The Z180 includes integer multiply and divides, which use the "shift
and add/subtract" algorithm. Execution time is a function of the operands
supplied. A single machine cycle can take many, many clocks as the bus lies
idle (nothing to transfer between the processor and memory), but as the CPU
whirs along, thinking very hard.
Here's where
adding transistors to a device improves performance. Use a barrel shifter
(a sort of parallel shifter that works in a single clock cycle), and the multiply
times approach zero. Bus width reduces machine cycles by doing more at once;
transistors shorten long machine cycles by completing complex operations faster.
Fetch, Read or Write?
Though some CPUs
support oddball machine cycles (like DRAM refresh), virtually every cycle
is either a Fetch, Read, or Write. Fetches read instructions - always from
memory. Read and write cycles transfer operand data, from memory or I/O.
Fetch and memory
read cycles intuitively feel the same. Both read bytes from RAM or ROM. The
difference is subtle. Many processors have a "fetch" signal that
differentiates the two. Sometimes, as on the Z80, the exact timing may differ
a bit between the two. As the industry evolves, though, the difference in
timing and signals is disappearing. Often it's all but impossible to tell
what the CPU is doing by watching the bus, unless you notice that fetches
generally are from increasing addresses (programs execute from low addresses
to higher ones, unless there's a program transfer), while memory reads occur
much less frequently, generally from addresses not near the code. The hardware
doesn't care or need to know what's going on. An address comes out, the CPU
asserts the read signal, and the selected memory device transfers data back.
In the preceding
discussion we've looked at common instructions, and have found that each one
is nothing more than a sequence of machine cycles. If we ignore interrupts,
refresh, and other infrequent intruders, there are only two basic kinds of
machine cycles: reads and writes. Let's look at what goes on during a cycle.
The figure shows
how a Z180 read cycle. This is a typical timing diagram of the sort hardware
folks sweat over, representing how the signals on the computer bus change
over time. If you connected the signals shown to a logic analyzer you'd see
just this sort of display.
The top signal,
clock, provides the basic timing reference to the system. Each cycle is one
T-state, as indicated by the "T1", "T2", and "T3"
designations.
Shortly after
the cycle begins the processor provides an address. I've represented the 16
address lines by one bus; if it wanted to read from 0100, then A15 to A0 are
all zeroes except for A8. At about the same time the CPU also asserts its
Memory Read signal.
The processor
is telling the memory array to return a byte from address 100. The CPU drives
address and Memory Read; now it wants memory to drive data back to it on the
data bus. You'll notice that the addresses remain valid during the entire
time Memory Read is asserted. These stable signals go into a ROM, say, giving
the ROM time to pull data from the selected address and put it on the bus.

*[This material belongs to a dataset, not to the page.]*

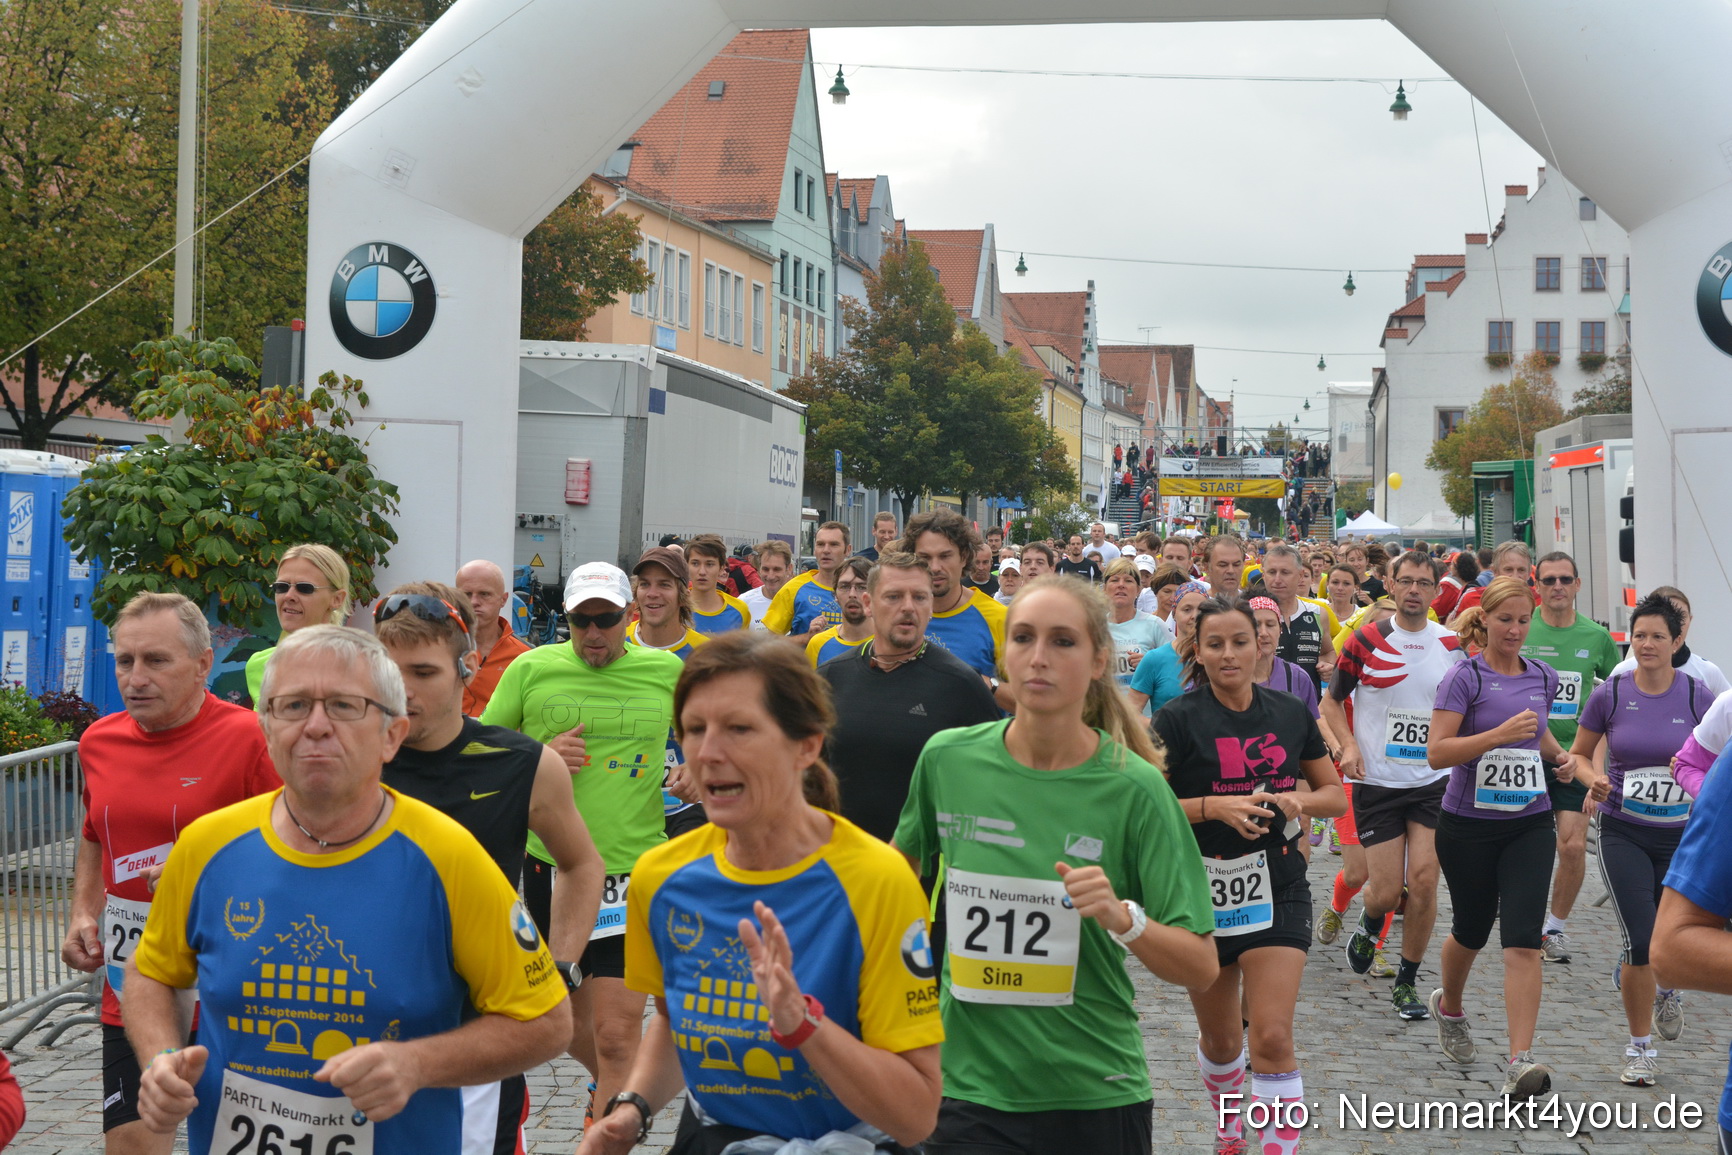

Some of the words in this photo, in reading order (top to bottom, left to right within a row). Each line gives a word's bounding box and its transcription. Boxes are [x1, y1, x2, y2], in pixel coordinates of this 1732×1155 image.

Remember, memories are slow.
Sooner or later
the ROM data will be valid. The processor specification tells the system designer
how much time is allowed before valid data must appear. The timing diagram
shows that the ROM better respond a little bit before Read goes away. This
is called the minimum "setup" time.
When the processor
removes Memory Read the cycle is almost over. Another specification, "hold
time", specifies how long the data from the ROM should remain on the
processor's data bus after Read disappears.
Setup and hold
times are truly critical. Violate the minimums, and your system will erratically
crash.
But... that's
it. What could be simpler?
Now, getting
the timing just right can be tedious, since good design implies using memories
that are fast enough, but not too fast (speed is expensive). High speed clocks
cause all sorts of trouble in insuring the setup and hold times are met. I
don't want to denigrate the problems faced by a hardware designer! It is important,
though, to realize that the basics of timing are really quite simple. Ah,
just as the basics of programming are no great mystery. Well, OK, maybe anyone
with less than a genius IQ will be able to figure out your code, but...
Write and I/O
cycles are very similar. The timing might shift a little, but the concepts
are the same. The biggest difference is that during a Write cycle the processor
drives address, Memory Write, and the data lines to memory or I/O.
Suppose the ROMs
are too slow? Since you can't speed up a slow memory chip you have to slow
down the computer. A wait state stretches the time during which Read or Write
is asserted, giving the device more time to decode an address. Each processor
has a wait state input, and associated specification for driving this line.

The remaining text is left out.